> YOUR ASSIGNMENT
When you reach the line containing "this 2576×1448 image." in the records below, set it down exactly, together with every later line through the end, but not the pictures.

> DATA
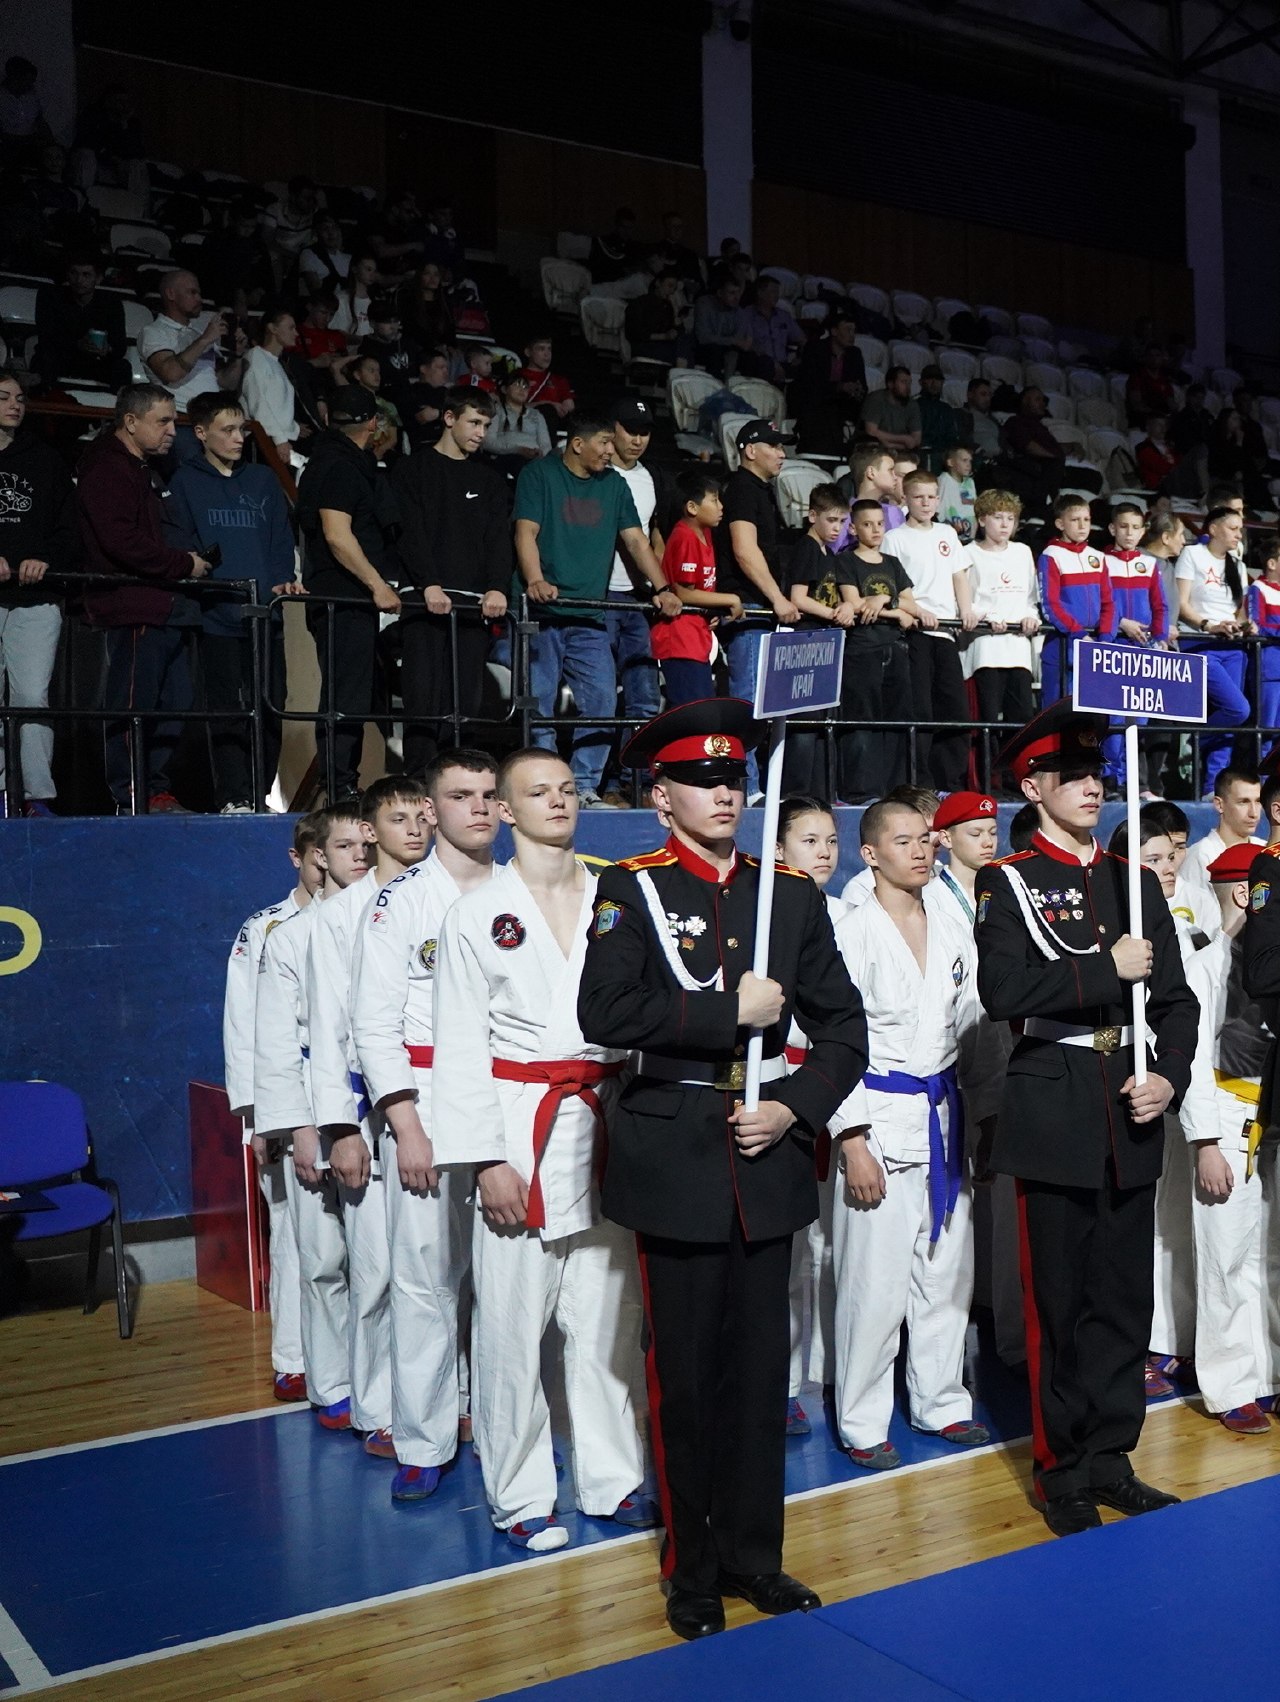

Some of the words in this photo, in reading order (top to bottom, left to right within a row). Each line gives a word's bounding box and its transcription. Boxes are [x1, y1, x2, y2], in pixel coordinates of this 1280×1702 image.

[773, 637, 836, 672] КРАСНОЯРСКИЙ
[1092, 648, 1193, 683] РЕСПУБЛИКА
[791, 669, 815, 699] КРАЙ
[1121, 685, 1165, 713] ТЫВА
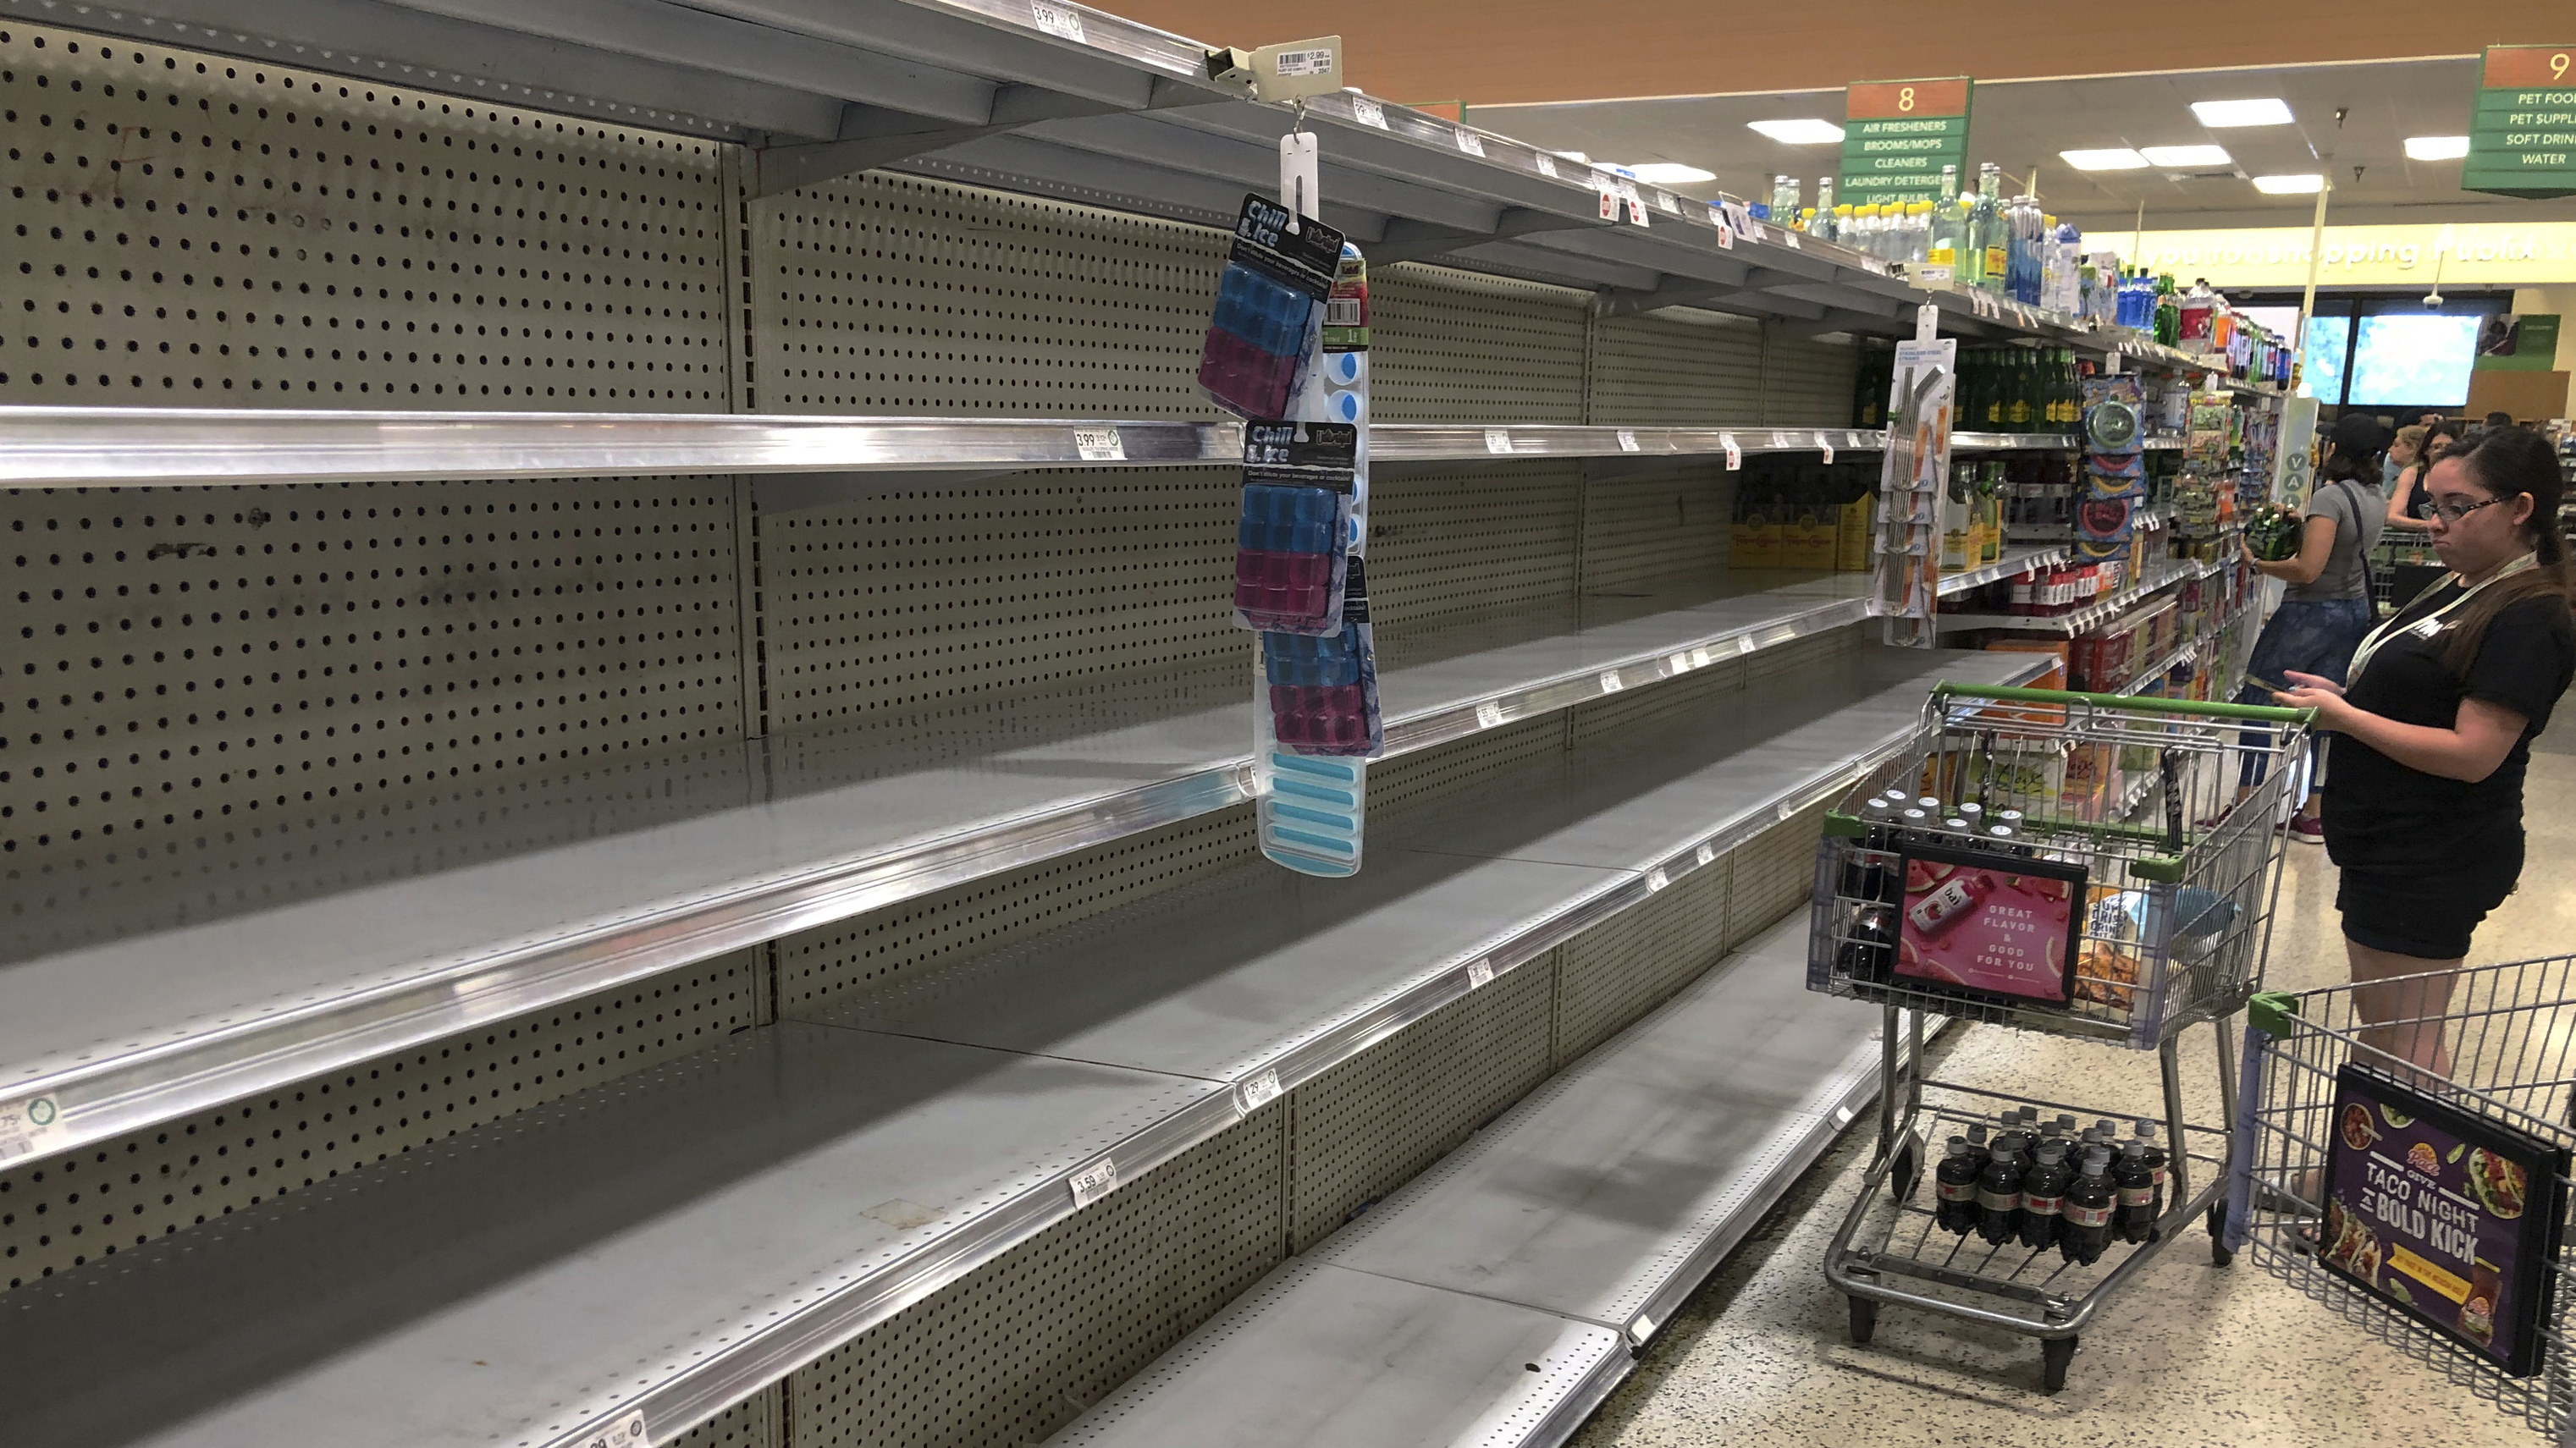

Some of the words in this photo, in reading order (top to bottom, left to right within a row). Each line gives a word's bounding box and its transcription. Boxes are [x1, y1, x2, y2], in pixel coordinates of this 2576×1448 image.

[2550, 52, 2570, 80] 9
[1898, 87, 1915, 112] 8
[2518, 93, 2542, 105] PET
[2509, 113, 2534, 125] PET
[1862, 123, 1880, 134] AIR
[1882, 121, 1947, 133] FRESHENERS
[1864, 139, 1942, 151] BROOMS/MOPS
[2506, 134, 2540, 146] SOFT
[1874, 157, 1928, 168] CLEANERS
[2522, 153, 2567, 165] WATER
[1845, 176, 1893, 187] LAUNDRY
[1895, 174, 1943, 186] DETERGE
[1866, 194, 1896, 204] LIGHT
[1247, 200, 1289, 232] Chill
[1253, 223, 1279, 247] Ice
[1251, 426, 1294, 445] Chill
[1262, 444, 1289, 463] Ice
[1989, 905, 2033, 919] GREAT
[1983, 917, 2034, 933] FLAVOR
[2003, 933, 2011, 943] &
[1989, 944, 2024, 957] GOOD
[1977, 955, 2002, 966] FOR
[2008, 959, 2034, 972] YOU
[2367, 1162, 2411, 1201] TACO
[2418, 1189, 2479, 1233] NIGHT
[2376, 1192, 2427, 1241] BOLD
[2430, 1219, 2479, 1266] KICK
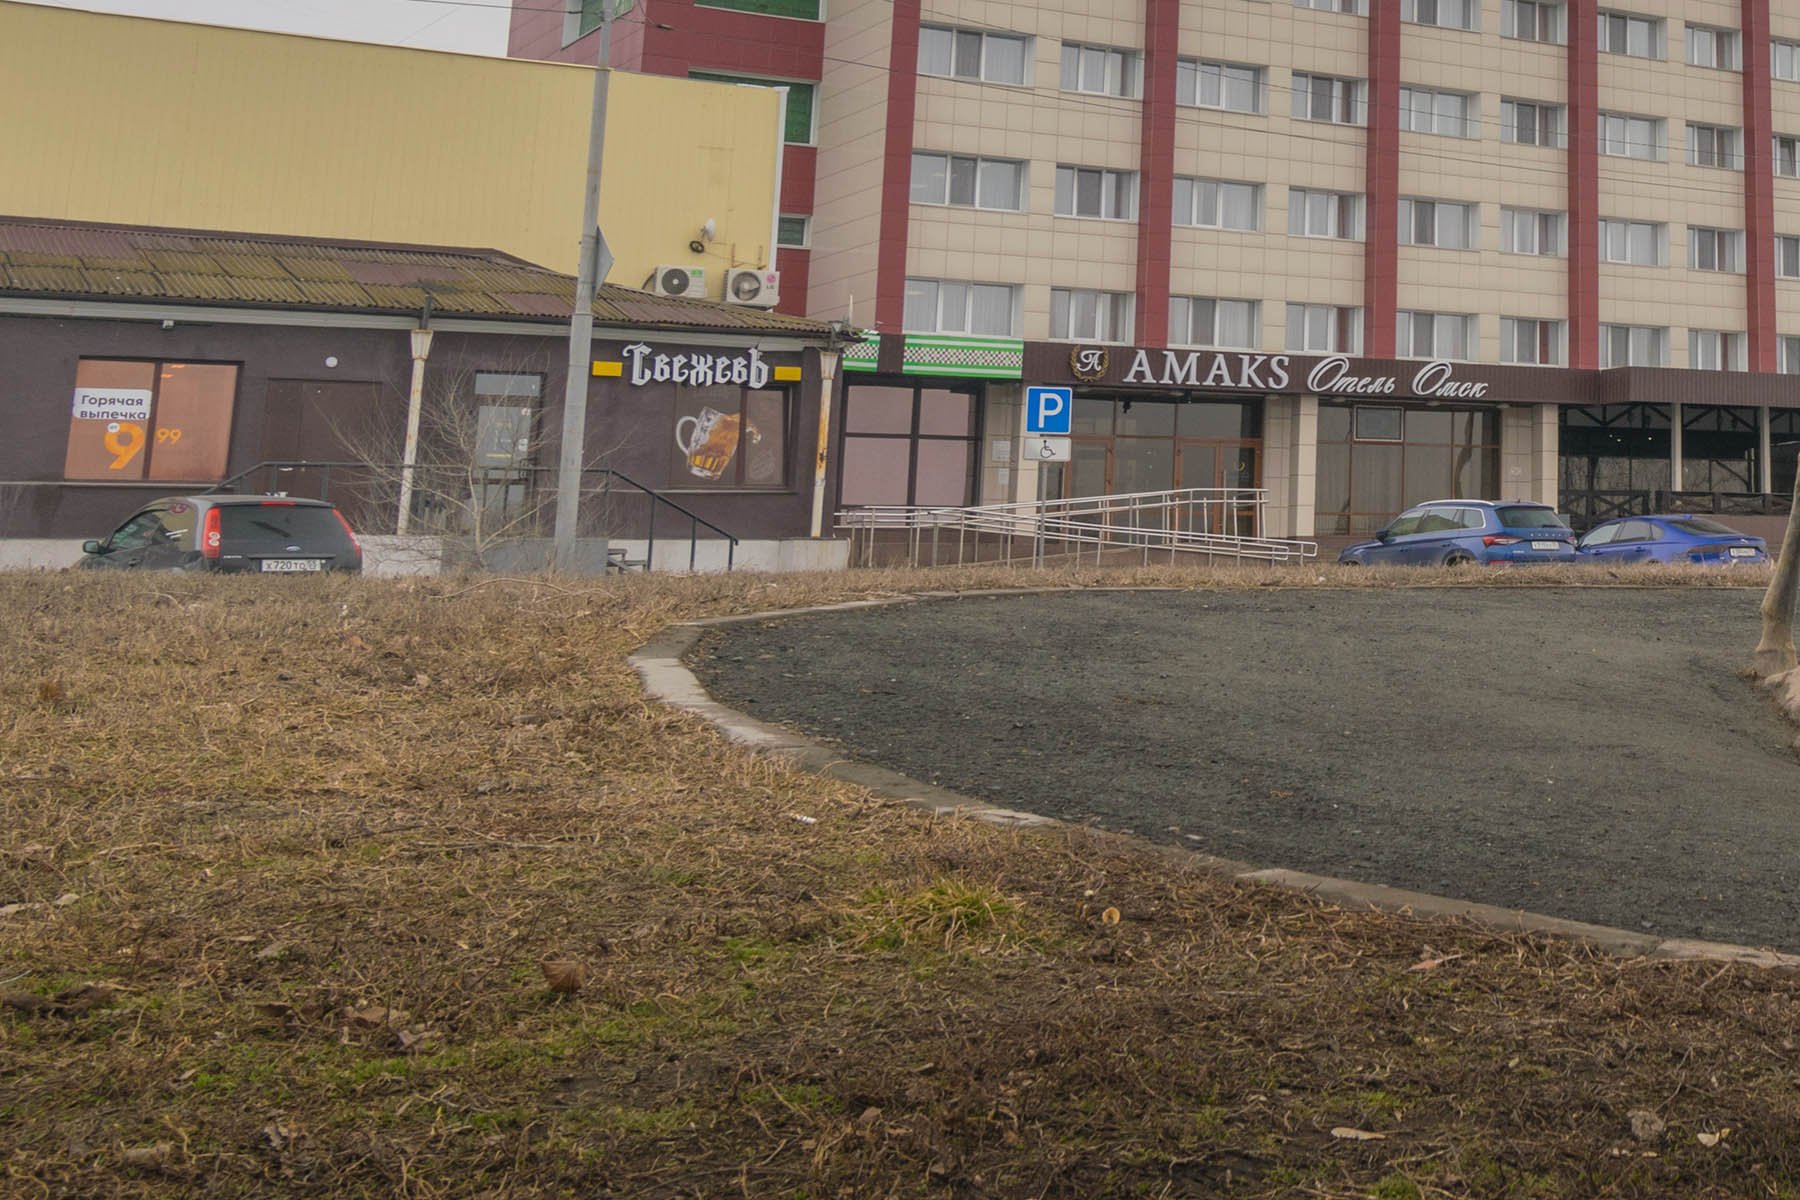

> RESPONSE TO THIS TASK
Some of the words in this photo, in reading order (top to bottom, left to right within a row). Each line gives a word's bounding box and its transcription. Boxes are [x1, y1, x2, y2], in pixel coordinates of this 2576×1448 image.

[2550, 52, 2570, 80] 9
[1898, 87, 1915, 112] 8
[2518, 93, 2542, 105] PET
[2509, 113, 2534, 125] PET
[1862, 123, 1880, 134] AIR
[1882, 121, 1947, 133] FRESHENERS
[1864, 139, 1942, 151] BROOMS/MOPS
[2506, 134, 2540, 146] SOFT
[1874, 157, 1928, 168] CLEANERS
[2522, 153, 2567, 165] WATER
[1845, 176, 1893, 187] LAUNDRY
[1895, 174, 1943, 186] DETERGE
[1866, 194, 1896, 204] LIGHT
[1247, 200, 1289, 232] Chill
[1253, 223, 1279, 247] Ice
[1251, 426, 1294, 445] Chill
[1262, 444, 1289, 463] Ice
[1989, 905, 2033, 919] GREAT
[1983, 917, 2034, 933] FLAVOR
[2003, 933, 2011, 943] &
[1989, 944, 2024, 957] GOOD
[1977, 955, 2002, 966] FOR
[2008, 959, 2034, 972] YOU
[2367, 1162, 2411, 1201] TACO
[2418, 1189, 2479, 1233] NIGHT
[2376, 1192, 2427, 1241] BOLD
[2430, 1219, 2479, 1266] KICK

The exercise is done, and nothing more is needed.